Our client has a Bachelor’s degree in nursing and has more than five years of experience as a staff nurse. She also has a registered nursing license in the state of Texas. Our office was retained and we started on the Prevailing Wage Determination filing and other related matters.
Once the prevailing wage was determined, we filed the I-140 application on April 15, 2019 via premium processing. We included the job offer letter, the notice of filing, employment letter, and other necessary supporting documents. In our cover brief, we included the “ability to pay” argument and why the nurse manager position falls under a Schedule A and EB2 designation.
However, on April 25, 2019, the USCIS issued a Notice of Intent to Deny (NOID). The USCIS argued that they cannot approve her I-140 petition because the proffered position, Nurse Manager, does not fall under Schedule A designation and it is not an EB-2 classified position. In our response brief, we cited the AAO decision and argued that positions other than “registered nurses” can fall under the definition of professional nurses, and thus fall under the Schedule A designation as well. The position of Nurse Manager for Petitioner, considering its job description, is a “position other than registered nurses that still falls within the definition of a professional nurse.” As to EB-2 classification argument, our office argued that the proffered position has the supervisory role and the complexity of job duties justify the EB-2 designation and the required 5 years experiences under the ONET Job Zone and the Department of Labor’s level. With this detailed response brief and other supporting documents, our office filed the Response to NOID to USCIS Texas Service Center on May 8, 2019. Eventually, on May 18, 2019, the USCIS Texas Service Center approved her EB-2 I-140 petition.

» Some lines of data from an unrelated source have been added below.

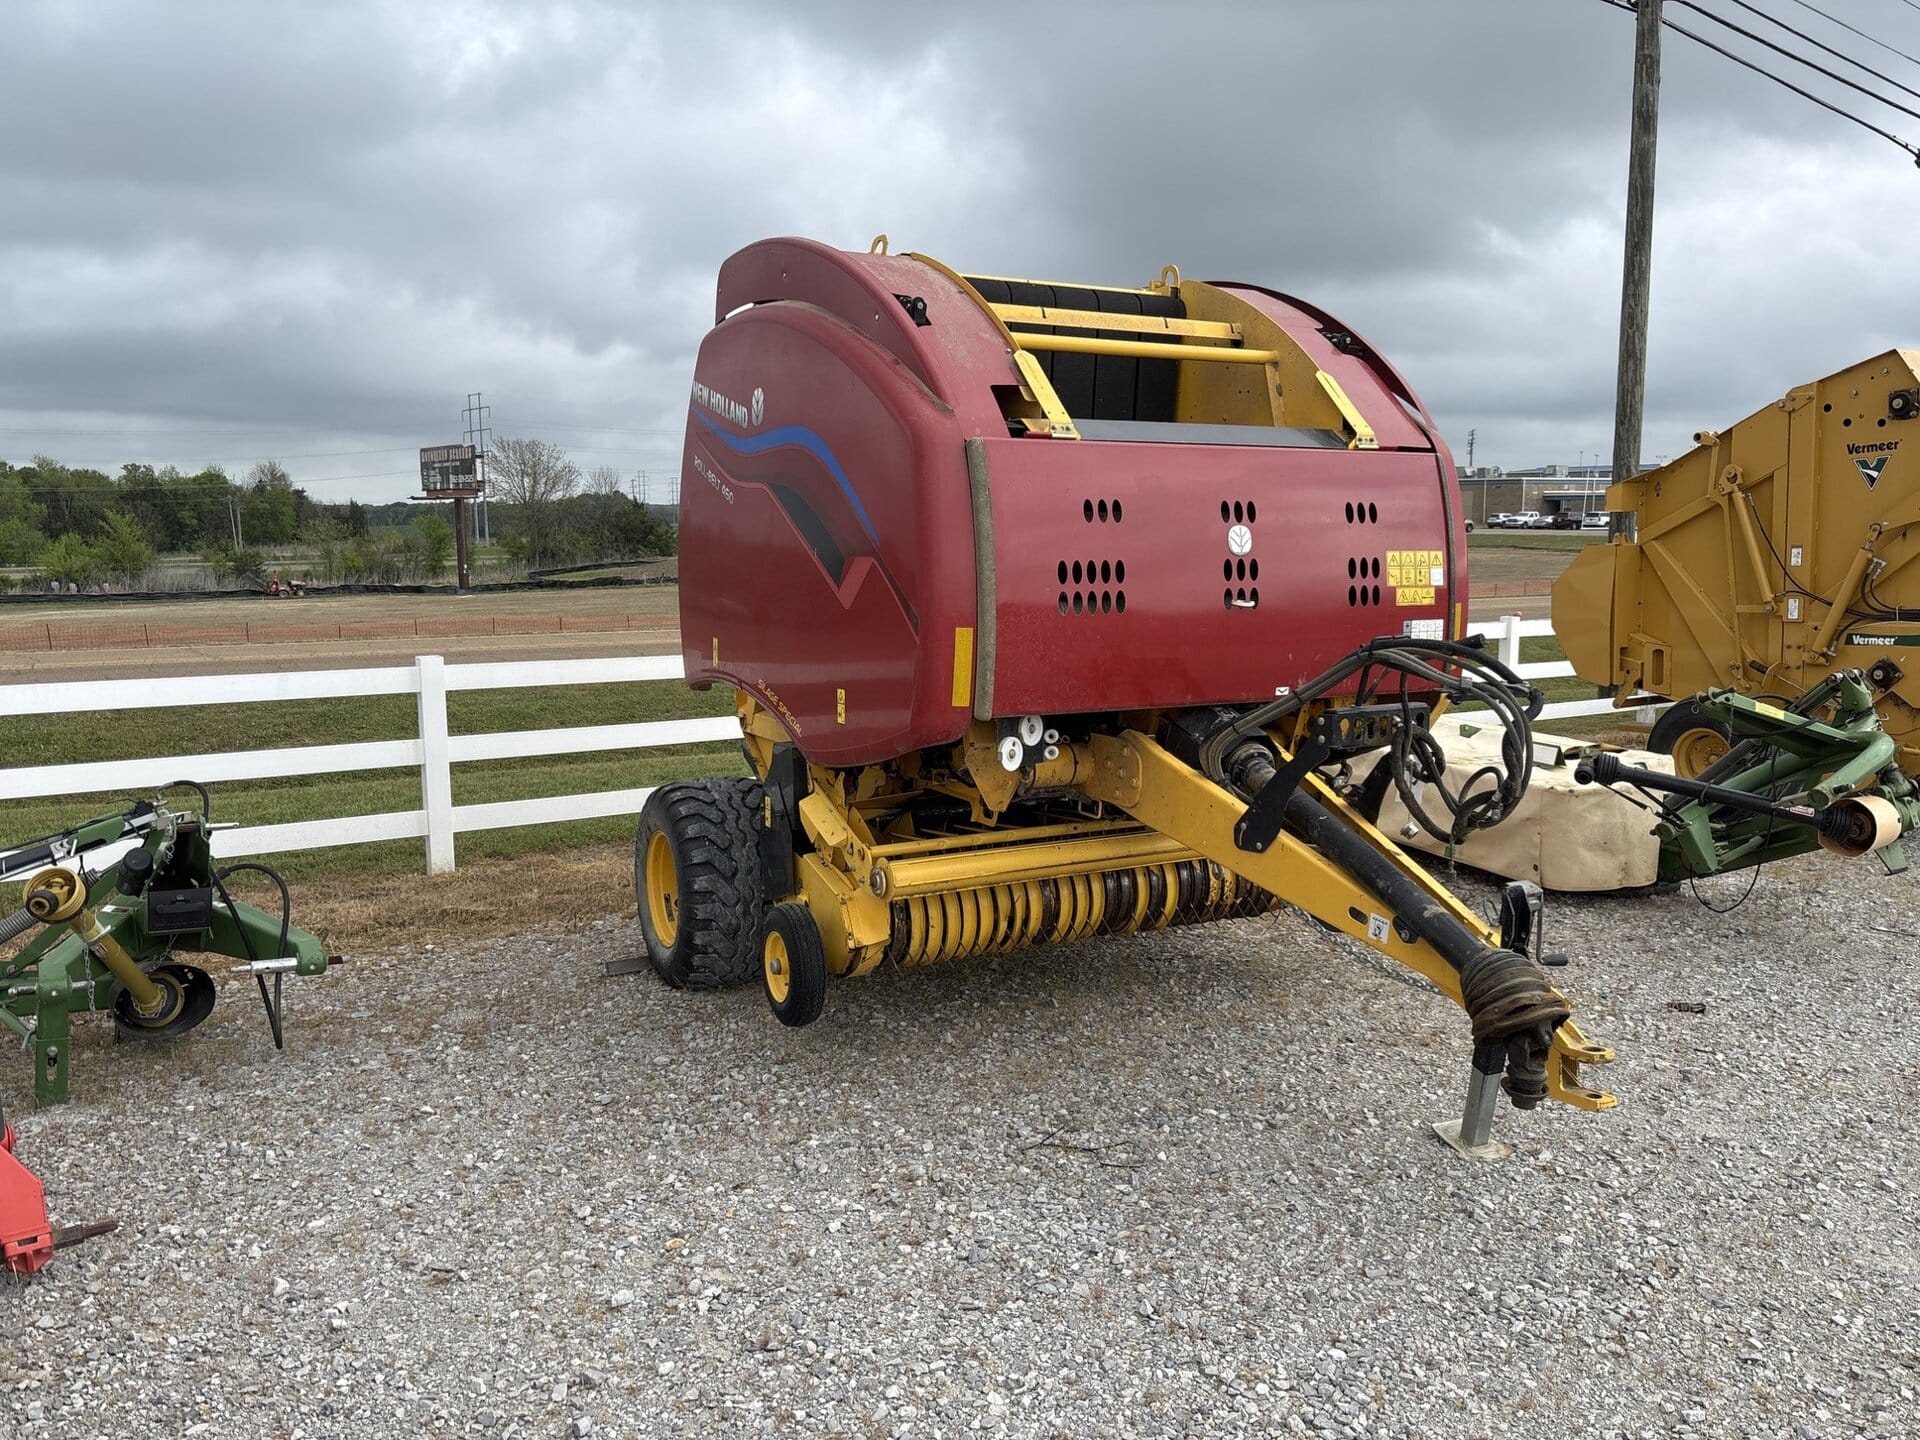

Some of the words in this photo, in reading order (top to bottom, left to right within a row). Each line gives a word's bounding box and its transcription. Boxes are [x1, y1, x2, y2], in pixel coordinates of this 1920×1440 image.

[692, 381, 709, 407] NEW
[710, 389, 748, 429] HOLLAND
[1847, 440, 1900, 455] Vermeer
[1852, 635, 1897, 645] Vermeer
[757, 679, 779, 705] SILAGE
[778, 702, 802, 737] SPECIAL
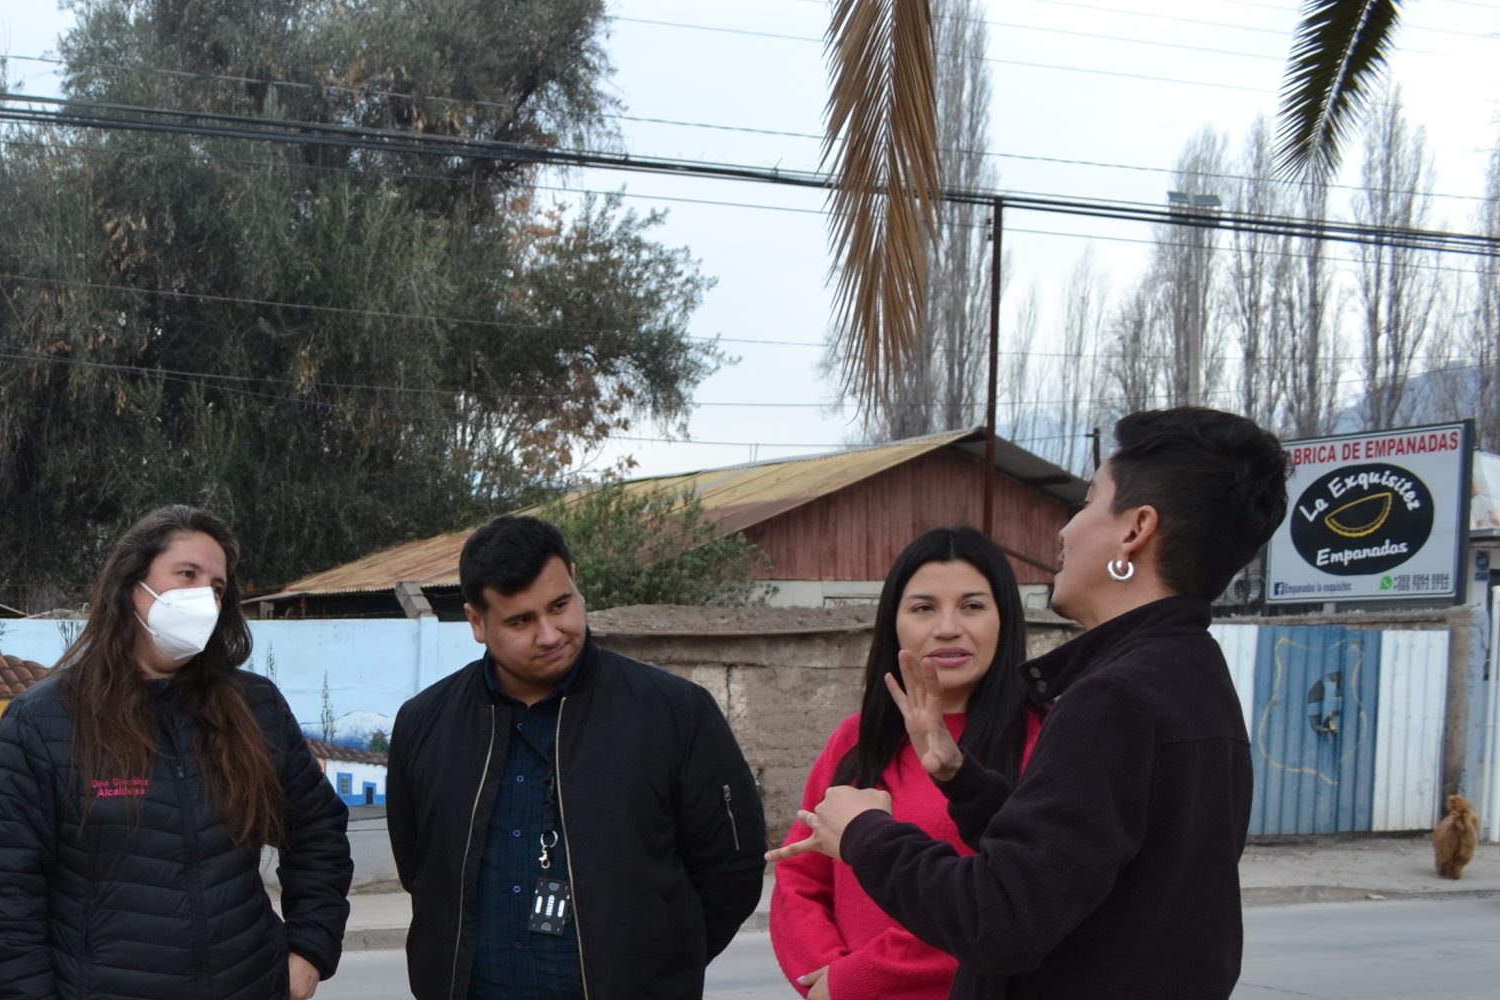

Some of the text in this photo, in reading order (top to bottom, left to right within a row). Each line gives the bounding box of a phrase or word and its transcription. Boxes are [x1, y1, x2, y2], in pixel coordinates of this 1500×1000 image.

[1342, 442, 1360, 461] DE
[1365, 431, 1459, 459] EMPANADAS
[1299, 470, 1421, 523] La Exquisitez
[1315, 538, 1409, 567] Empanadas

Once her I-140 petition was approved, she retained our office again and determined to file an adjustment of status application for her. On July 1, 2019, our office filed an I-485 adjustment of status application for our client. Everything went smoothly and the receipt notices and fingerprint appointment came on time.
Prior to the interview, we thoroughly prepared our client at via conference calls as well. On February 25, 2020, our client was interviewed at Houston Texas USCIS office. Attorney Sung Hee (Glen) Yu also accompanied our client as well. Her green card application was approved on the same day of her interview.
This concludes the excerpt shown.